To submit solid diabetes claims, you should know how to report a diabetic patient's complications by selecting the correct fourth digit for 250.xx, plus the corresponding complication codes.
Your diabetic patients can have one or more complications of the disease, both acute and chronic, so report multiple complications by listing multiple 250.xx codes with the appropriate fourth digits.
For example, if a Type II, uncontrolled diabetic has four chronic manifestationsrenal, ophthalmic, neurological, and circulatory, for instancelist 250.42, 250.52, 250.62, and 250.72, along with the corresponding manifestation codes, such as 581.81 (nephrotic syndrome) and 366.41 (diabetic cataract).
Code 250.xx should always be the primary diagnosis. Always code it first with the chronic manifestation code as the secondary diagnosis. In outpatient settings, you seldom need to list all the patient's chronic manifestations. Instead, list those that you treat on a given visit.
The code descriptors in the ICD-9-CM manual can be confusing because they use the word "with" (for example, 250.4, diabetes with renal manifestations), leading one to assume that there doesn't need to be a causal connection between the complication and the diabetes. But you must clearly identify that the diabetes has caused a patient's complication or chronic manifestation. Your documentation must define a condition as a diabetic complication or manifestation for it to be coded as such.
Although the ICD-9-CM manual lists several possible manifestation code choices below each fourth-digit descriptor, this is definitely not an exhaustive list. For instance, the manual lists 583.81 (nephropathy NOS) and 581.81 (nephritis) as possible manifestation codes below 250.4x (diabetes with renal manifestations). But the manual doesn't list 585 (chronic renal failure), even though this code is a possible renal manifestation.

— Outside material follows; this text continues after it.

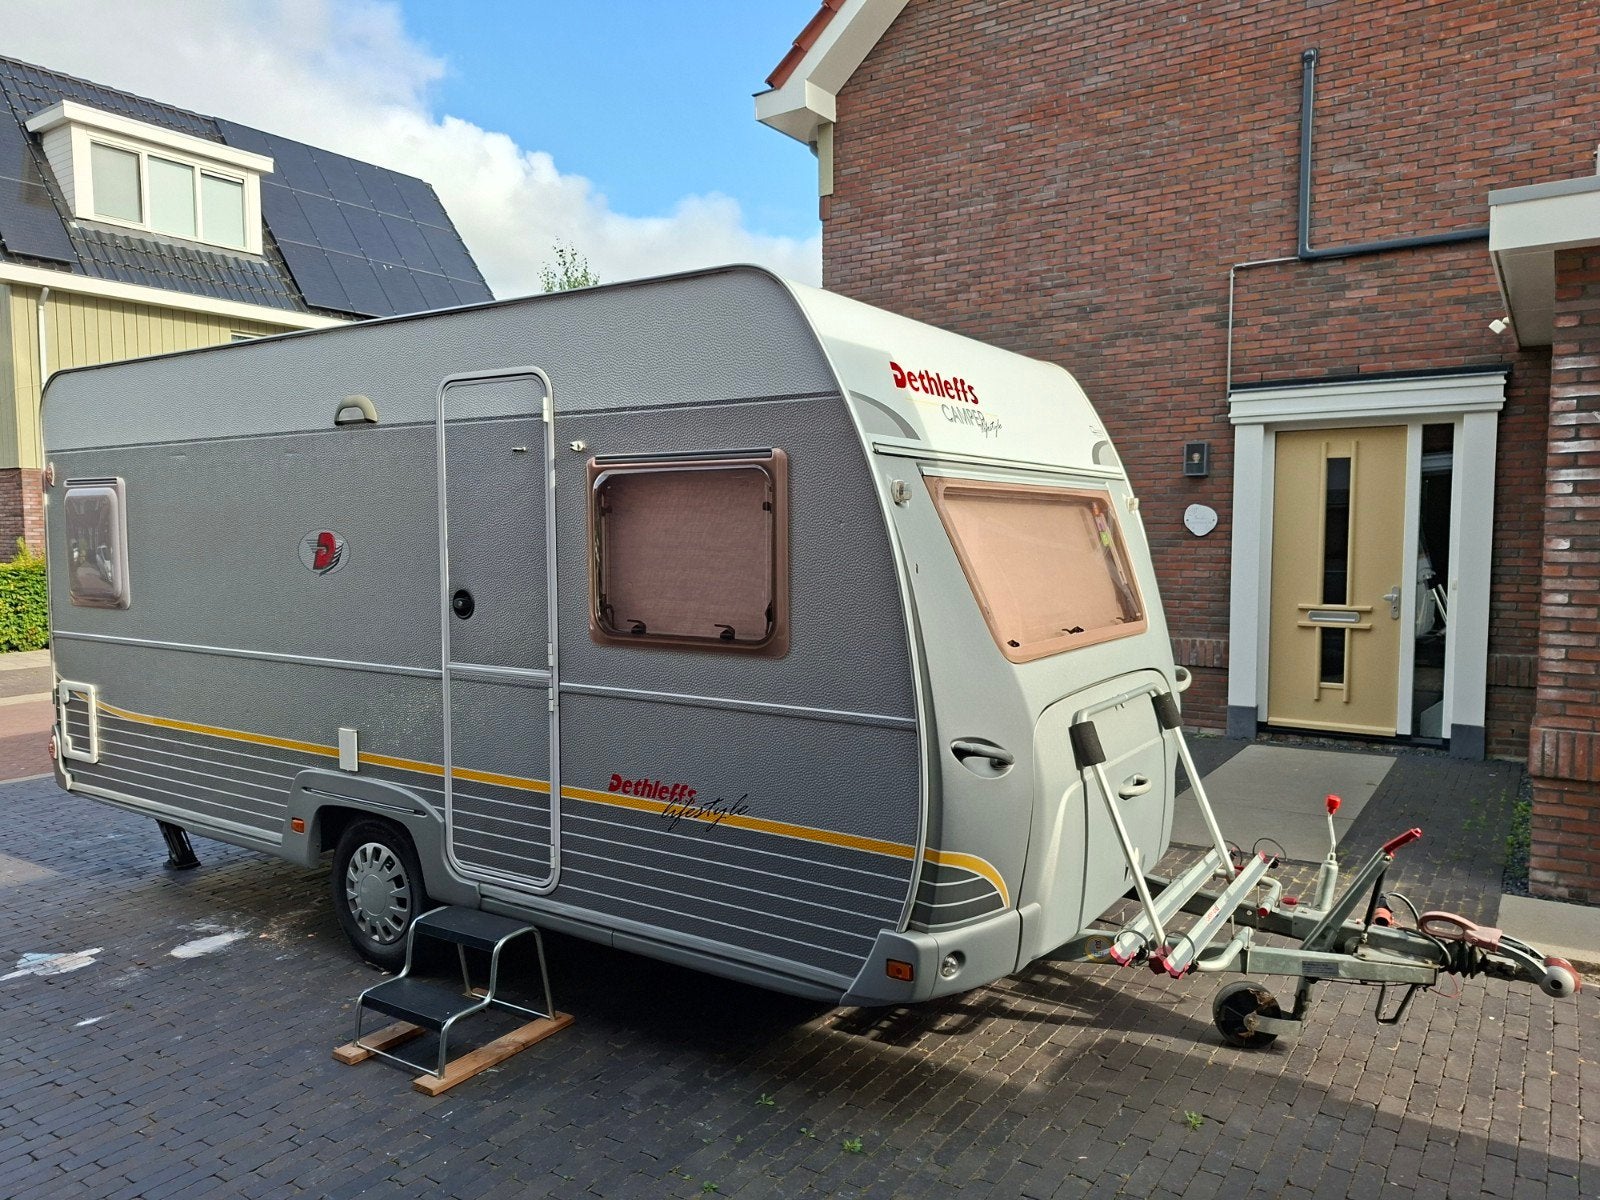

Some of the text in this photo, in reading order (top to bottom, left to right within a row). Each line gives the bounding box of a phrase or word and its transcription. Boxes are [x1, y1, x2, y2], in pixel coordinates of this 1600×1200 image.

[889, 361, 979, 405] Dethleffs
[608, 773, 698, 806] Dethleffs
[661, 793, 750, 833] lifestyle

Avoid coding pitfalls with these tips for five common diabetes complications:
Ketoacidosis. The most serious acute metabolic complication of Type I diabetes, ketoacidosis, also occurs in patients with chronic and acute alcoholism. So, when coding for diabetic complications, be sure the medical chart states clearly that diabetes is the cause. Don't worry about finding an additional code to identify the ketoacidosis as you would with other diabetic complications, says Alison Nicklas, director of education and training for Precyse Solutions in King of Prussia, PA. Code 250.1x specifies that the patient has diabetic ketoacidosis, and "that one code tells the whole story."

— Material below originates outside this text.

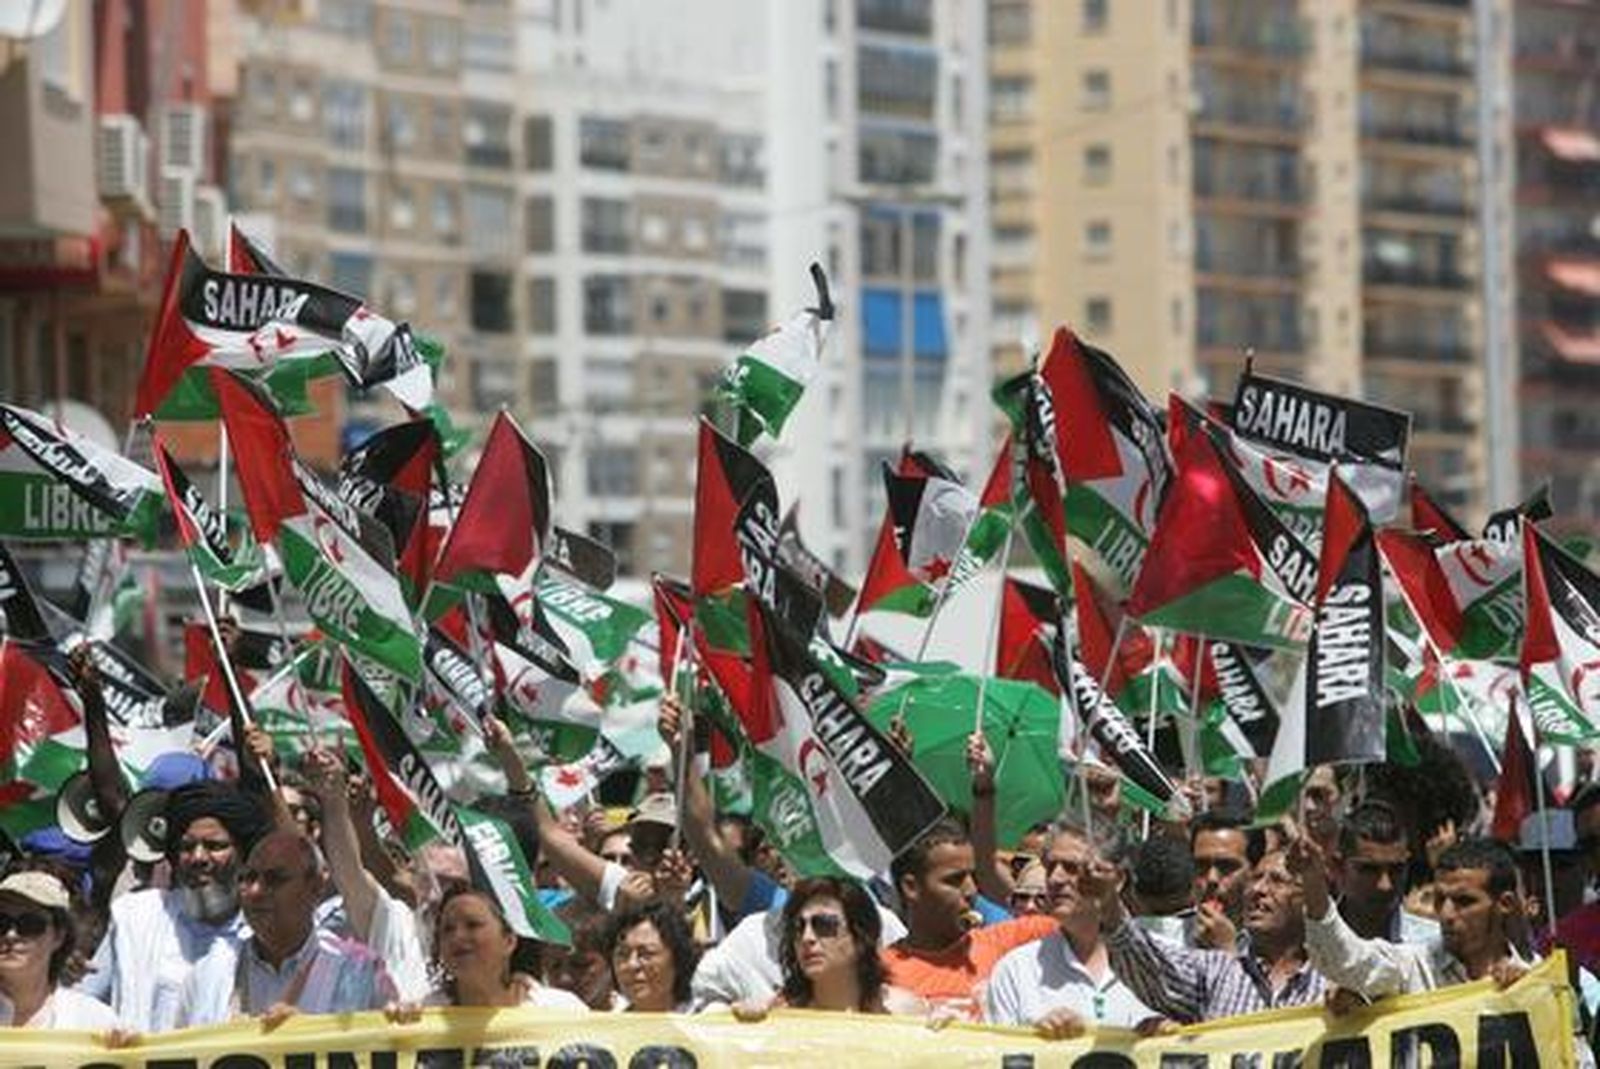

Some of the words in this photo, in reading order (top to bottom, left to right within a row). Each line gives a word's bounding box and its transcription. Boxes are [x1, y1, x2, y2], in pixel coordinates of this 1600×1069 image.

Renal failure. If your documentation indicates that the patient has chronic renal failure caused by diabetic nephrotic syndrome, all you really need to code is 250.4x and 585 (chronic renal failure), says Nicklas. However, if you prefer to code all three conditions, you can also list 581.81 (nephritic syndrome), she adds.
Hypertension and renal failure. If these conditions are well documented, you only need two codes, Nicklas says. Assign one code for the diabetes with renal manifestations (250.4x) and one code for the hypertension with renal failure (403.91). You don't have to list any other code, because the hypertension code includes renal failure, she says. You can assign 583.81 (nephritis and nephropathy) in addition, but that's optional.
Cataracts. Snowflake cataracts are rare, but when they do occur, they occur in diabetic patients. To report diabetic cataracts, document the diabetes as the cause: Use 250.5x (diabetes with ophthalmic manifestations) and 366.41 (diabetic cataract). However, for a diabetic patient with mature senile cataracts, use 250.0x (diabetes mellitus without mention of complication) and 366.17 (senile cataract; total or mature cataract).
Gestational diabetes. To report this condition of late pregnancy, use 648.8x (other current conditions in the mother classifiable elsewhere, but complicating pregnancy, childbirth or the puerperium; abnormal glucose tolerance). No code from the 250 series is necessary. Don't use 648.8x for a patient diagnosed with diabetes prior to the pregnancy.
For a woman who has an established diabetes diagnosis that is complicating her pregnancy, you should report 648.0x (other current conditions in the mother classifiable elsewhere, but complicating pregnancy, childbirth or the puerperium; diabetes mellitus), and then 250.xx.
To help you accurately report insulin use, you can use a new ICD-9-CM code, V58.67 (long-term [current] use of insulin), beginning on October 1.
You may list V58.67 for patients who routinely take insulin, says Beth Fisher, medical systems specialist with the National Center for Health Statistics in Hyattsville, MD.
According to the ICD-9-CM Official Guidelines For Coding And Reporting, Section I.C18.D.3 (Categories of V Codes), the use of codes in subcategory V58.6 "indicates a patient's continuous use of a prescribed drug (including such things as aspirin therapy) for the long-term treatment of a condition or for prophylactic use. It is not for use for patients who have addictions to drugs." You can assign V58.67 for patients who are regularly taking insulin. You may also use the code for a gestational diabetes (648.8x) patient being treated with insulin.
Although V58.67 may be used as either a first-listed or secondary code, typically, it will be used as a secondary code. As such, you'll likely report V58.67 with the category 250 codes (diabetes mellitus) that have the following fifth digits:
0Type II or unspecified type, not stated as uncontrolled.
2Type II or unspecified type, uncontrolled.
For example, suppose you diagnose a patient with 250.12 (diabetes with ketoacidosis; Type II or unspecified type, uncontrolled), and the patient is taking insulin. In that case, you may be able to list V58.67 as a secondary diagnosis code.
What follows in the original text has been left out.